スクリーンショット 2017-12-30 午前10.35.55

Fall is the main film festival season in Japan (see my reports on this year's YIDFF and TIFF editions here, here, and here), but not all festivals are the same. Yamagata, of course, focuses on documentary (though the definition of documentary is flexible enough to allow for a wide variety of films), and the Tokyo Film Festival aims at being the Japanese edition of Cannes.

TIFF doesn’t succeed at that, which is why festivals such as Tokyo Filmex have stepped in to fill some of the gaps. Filmex is much smaller in comparison to TIFF, but it purposely avoids the big commercial films that TIFF is happy to show, concentrating instead on mostly independent films. Asia is largely the focus, and only a choice few Japanese films get shown. One exception has been the retrospective section.
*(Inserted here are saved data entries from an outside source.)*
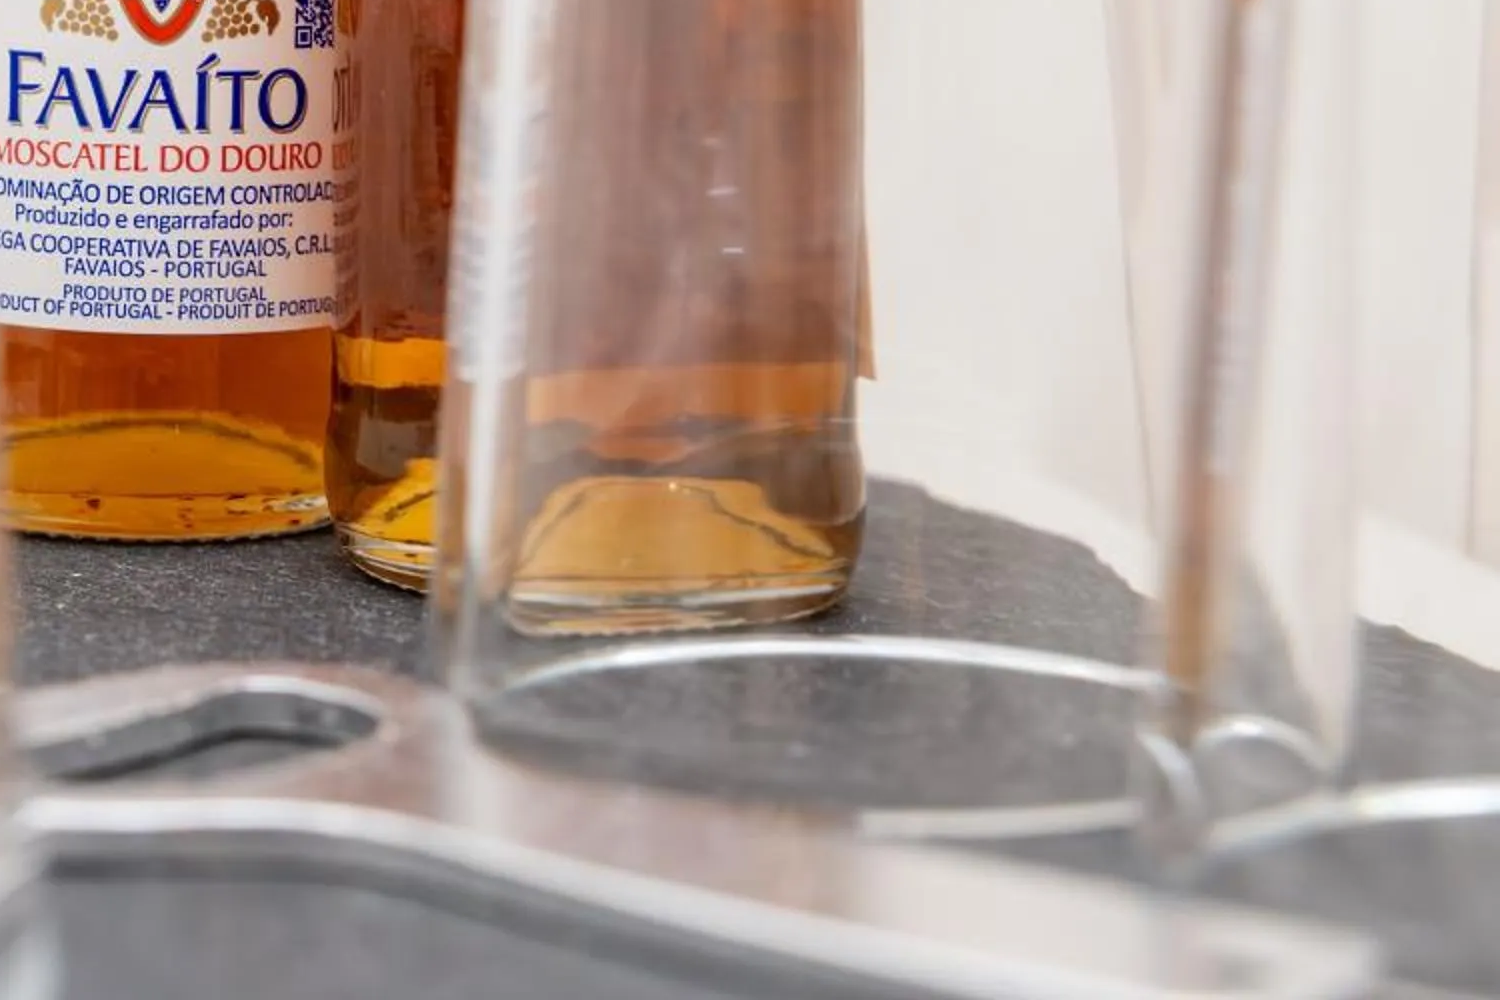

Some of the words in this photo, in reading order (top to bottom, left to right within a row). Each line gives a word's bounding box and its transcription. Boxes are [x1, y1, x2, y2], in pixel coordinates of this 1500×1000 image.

[7, 48, 309, 134] FAVAÍTO
[159, 144, 210, 173] DO
[220, 141, 323, 173] DOURO
[107, 185, 134, 205] DE
[139, 185, 225, 206] ORIGEM
[231, 181, 334, 205] CONTROLAD
[15, 203, 110, 229] Produzido
[115, 213, 128, 228] e
[133, 209, 254, 234] engarrafado
[258, 212, 293, 232] por:
[30, 233, 171, 259] COOPERATIVA
[177, 240, 203, 258] DE
[209, 237, 291, 259] FAVAIOS,
[65, 257, 146, 278] FAVAIOS
[164, 259, 267, 279] PORTUGAL
[63, 283, 147, 303] PRODUTO
[152, 287, 174, 303] DE
[179, 286, 267, 303] PORTUGAL
[43, 299, 65, 315] OF
[70, 301, 162, 320] PORTUGAL
[177, 303, 252, 320] PRODUIT
[255, 302, 275, 318] DE
If the Tokyo Film Festival has largely abandoned the role a major festival has in celebrating the history of cinema, by eliminating or stripping down its retrospective sidebar, Filmex took it over and did wonderful series on lesser known masters such as Uchida Tomu, Okamoto Kihachi, and Kawashima Yuzo (I penned a piece on Kawashima for their catalog). In recent years, it has even started Tokyo Talents, which aims to help young Asian filmmakers develop their projects; the International Critics Forum, a workshop for budding film critics; as well as seminars in translation and other aspects of film. 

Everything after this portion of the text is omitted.